Literature DB >> 32715111

Therapy-resistant dysphagia successfully treated using pharyngeal electrical stimulation in a patient with the pharyngeal-cervical-brachial variant of the Guillain-Barré syndrome.

Sebastian Beirer1, Wolfgang Grisold1, Jennifer Dreisbach1.   

Abstract

Pharyngeal electrical stimulation (PES) is a novel treatment for oropharyngeal dysphagia resulting from neurogenic causes such as stroke, prolonged intubation, tracheostomy, or multiple sclerosis, and may be effective in other medical conditions such as Guillain-Barré syndrome (GBS). A 74-year-old male patient with a pharyngeal-cervical-brachial (PCB) variant of GBS, who had been tracheotomised due to severe and persistent swallowing difficulties (dysphagia) unresponsive to traditional speech and language therapy, received PES therapy as a final treatment option.
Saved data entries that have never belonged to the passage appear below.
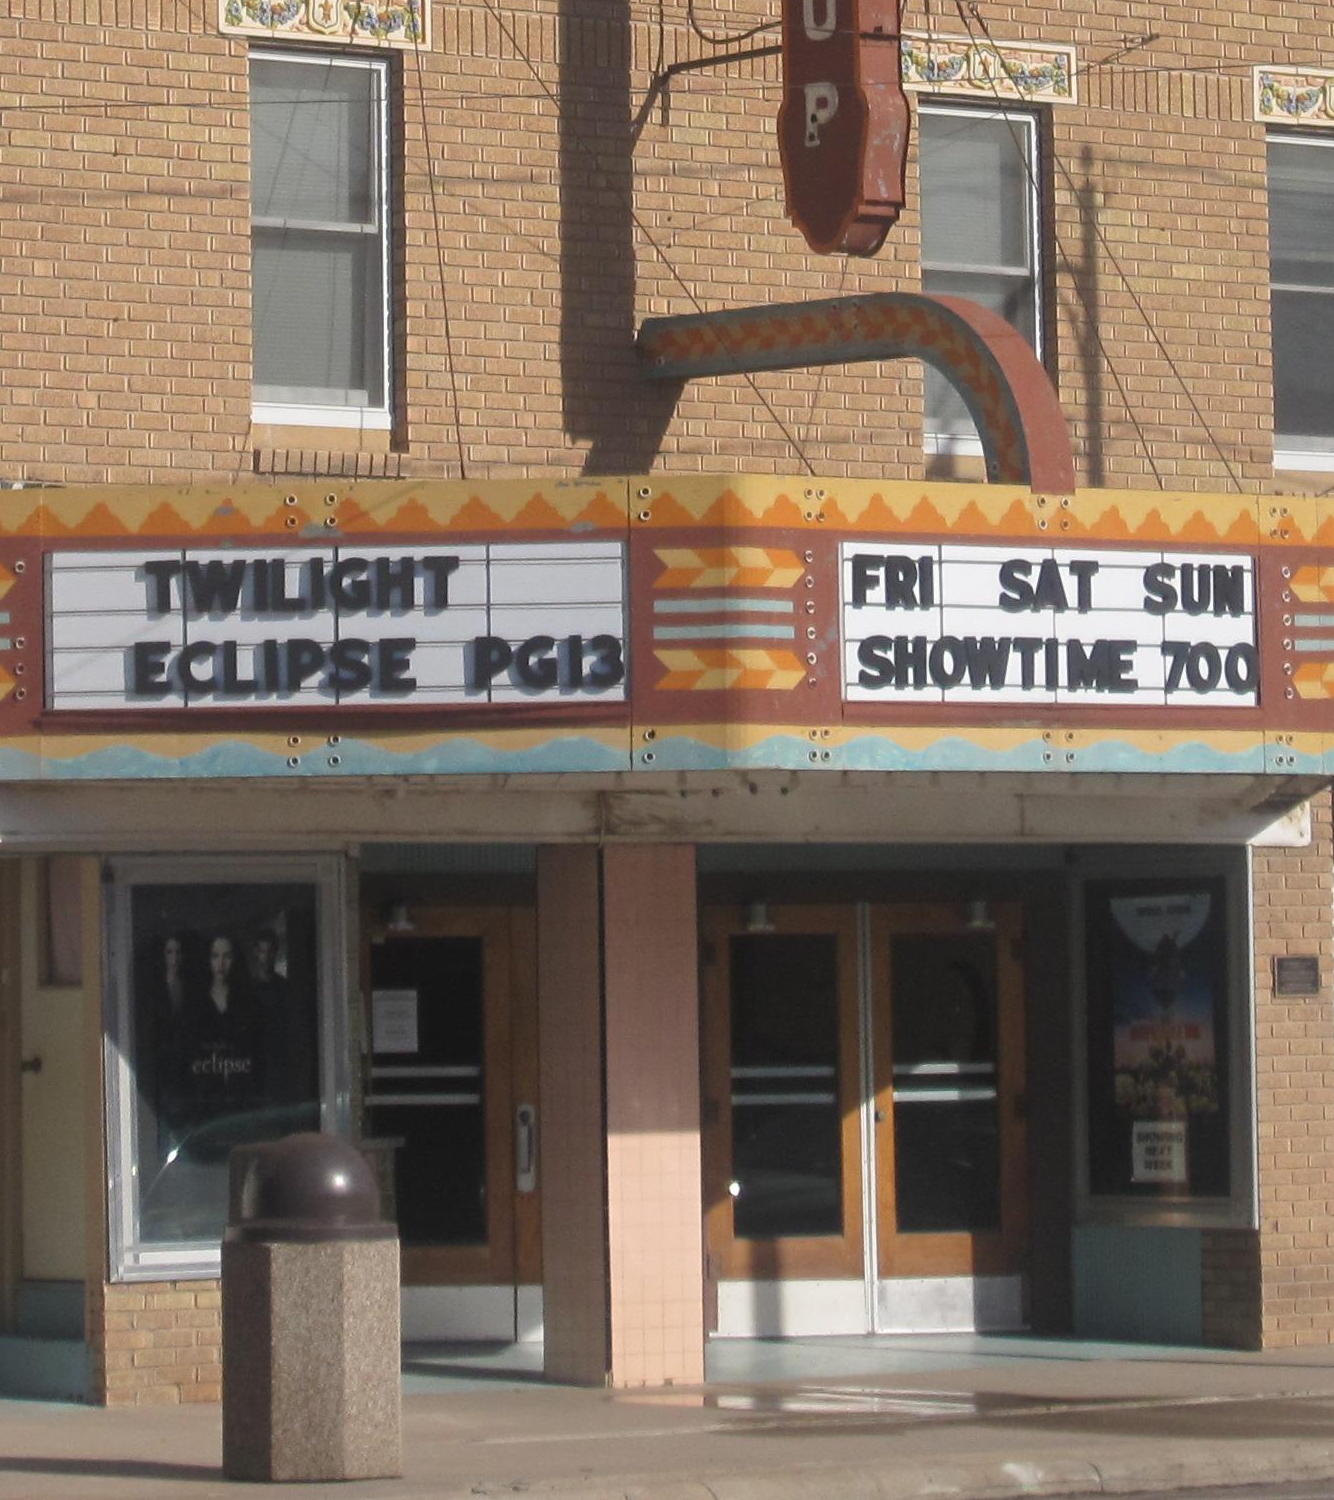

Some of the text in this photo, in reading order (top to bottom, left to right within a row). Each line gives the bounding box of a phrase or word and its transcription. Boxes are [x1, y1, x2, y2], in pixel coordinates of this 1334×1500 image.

[141, 556, 459, 616] TWILIGHT
[851, 553, 1246, 618] FRI SAT SUN
[130, 634, 626, 696] ECLIPSE PG13
[856, 635, 1259, 694] SHOWTIME 700
[191, 1051, 252, 1084] eclipse
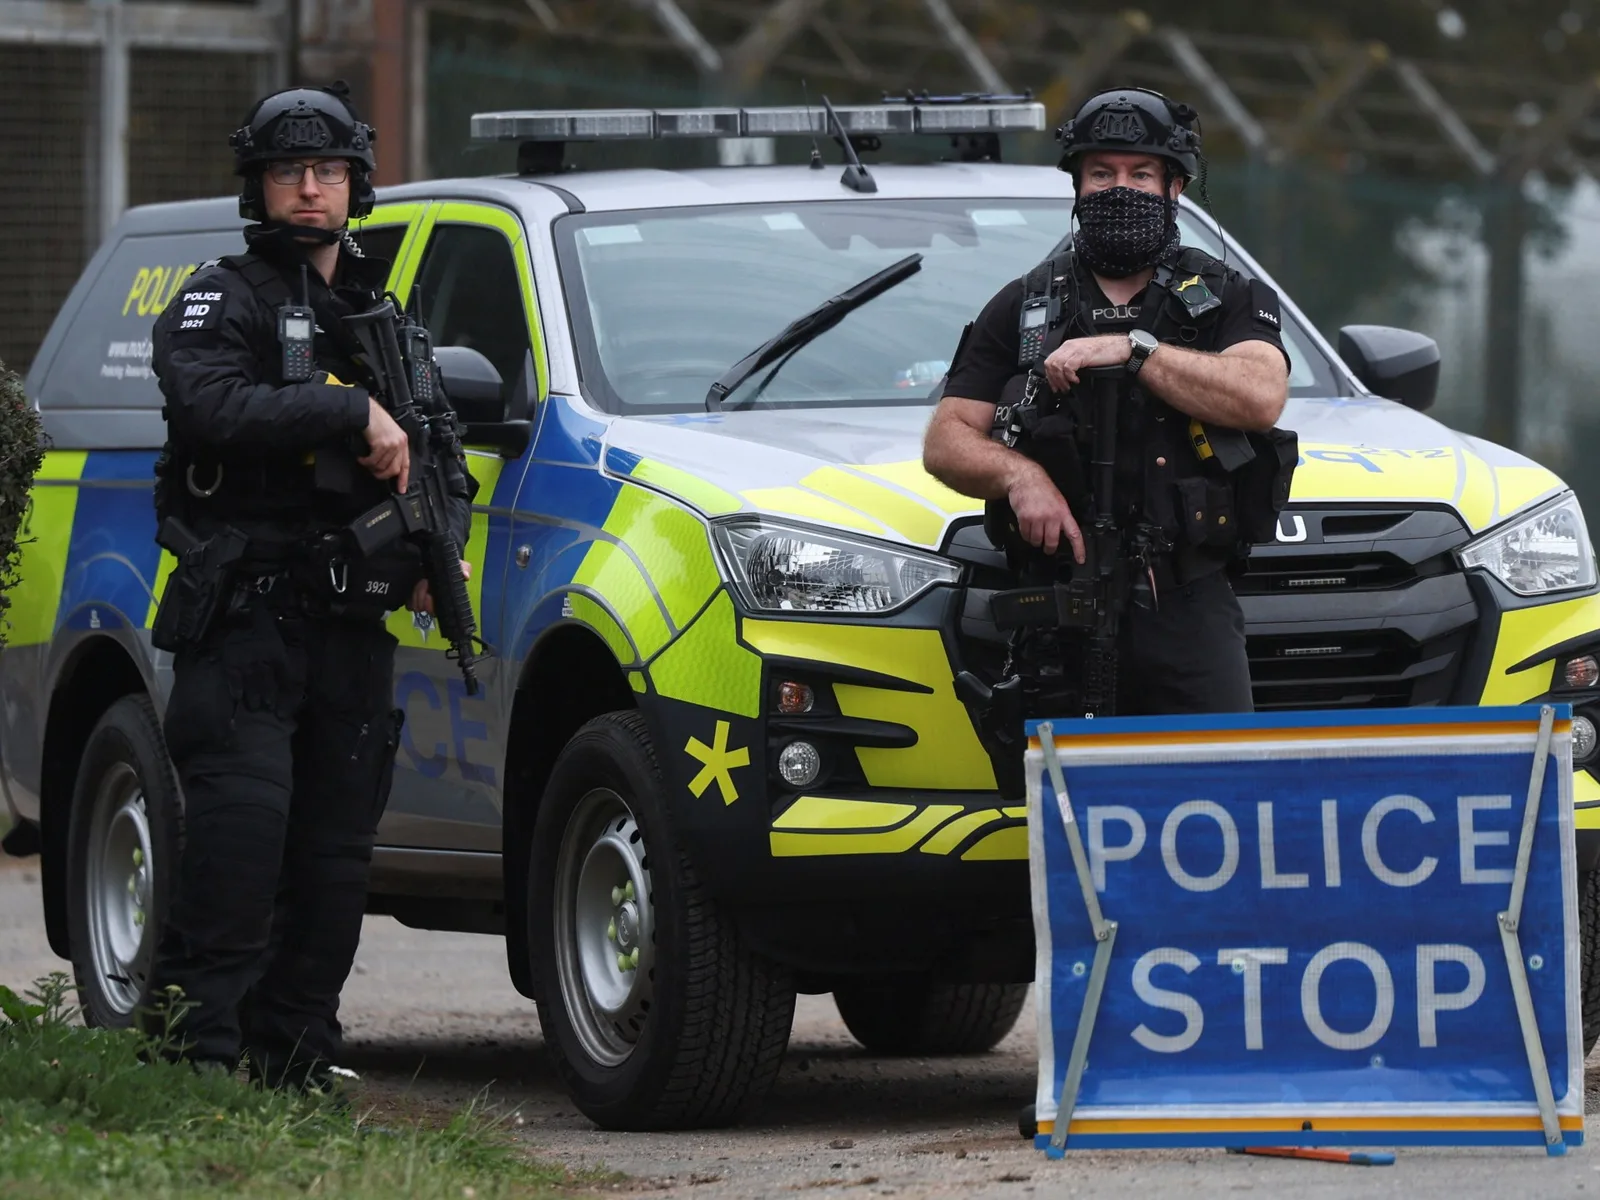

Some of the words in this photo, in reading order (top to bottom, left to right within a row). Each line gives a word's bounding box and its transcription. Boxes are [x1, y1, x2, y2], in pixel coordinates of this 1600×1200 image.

[183, 292, 222, 301] POLICE
[184, 304, 210, 317] MD
[1092, 306, 1142, 320] POLIC
[180, 319, 204, 329] 3921
[365, 580, 390, 595] 3921
[1086, 794, 1515, 893] POLICE
[1129, 941, 1487, 1054] STOP
Swallow performance evaluated before and after PES using fibreoptic endoscopic evaluation of swallowing, videofluoroscopy and clinical bedside assessment, showed significant improvement in swallowing resulting in safe tracheostomy decannulation 18 days after PES. In PCB GBS, we present the potential benefit of PES for the treatment of persistent dysphagia and faster tracheostomy decannulation. PES was safe and may be beneficial in other neurologic disorders, where traditional dysphagia therapies have proved unsuccessful.
© 2020 The Author(s).

Entities:  

Keywords:  Decannulation; Dysphagia; Guillain-Barré syndrome; Pharyngeal electrical stimulation; Single case

Year:  2020        PMID: 32715111      PMCID: PMC7372150          DOI: 10.1016/j.ensci.2020.100255

Source DB:  PubMed          Journal:  eNeurologicalSci        ISSN: 2405-6502


Introduction

Dysphagia, or “disordered swallowing”, can seriously compromise nutritional status, lead to significant comorbidity, and increase risk of death. Dysphagia can be associated with numerous neuromuscular diseases and present different mechanisms, such as loss of motor neurons, damage to caudal brain nerves (neuropathies or local nerve lesions), neuromuscular transmission or musculoskeletal disorders [1]. In inflammatory neuropathies, such as Guillain-Barré syndrome (GBS) and variants, dysphagia is rare but increasingly described in the literature, with severe cases requiring intensive care treatment [[2], [3], [4]]. GBS is an immune-mediated polyneuropathy characterized by rapidly progressive weakness and sensory loss. In the pharyngeal-cervical-brachial (PCB) variant, a preferred involvement of the caudal cranial nerves results in dysphagia, though the exact pathomechanism for dysfunction is still unclear. It might involve axonal demyelination, conduction block, or combinations. Traditional speech and language therapies (SLT) for dysphagia, typically consist of bolus modifications, compensatory strategies and muscle strengthening exercises but have limited efficacy [5]. Pharyngeal electrical stimulation (PES) is a novel, simple and safe technique for restoring neurological control of swallowing in the brain. PES has been shown to be effective in enabling faster decannulation of severe stroke patients compared to sham in both pilot [6] and randomised controlled [7] studies; and reducing the prevalence of pneumonia and frequency of reintubation in orally intubated intensive care unit patients [8]. We present the results of PES for the treatment of traditional therapy-resistant severe dysphagia in a patient with the PCB variant of GBS.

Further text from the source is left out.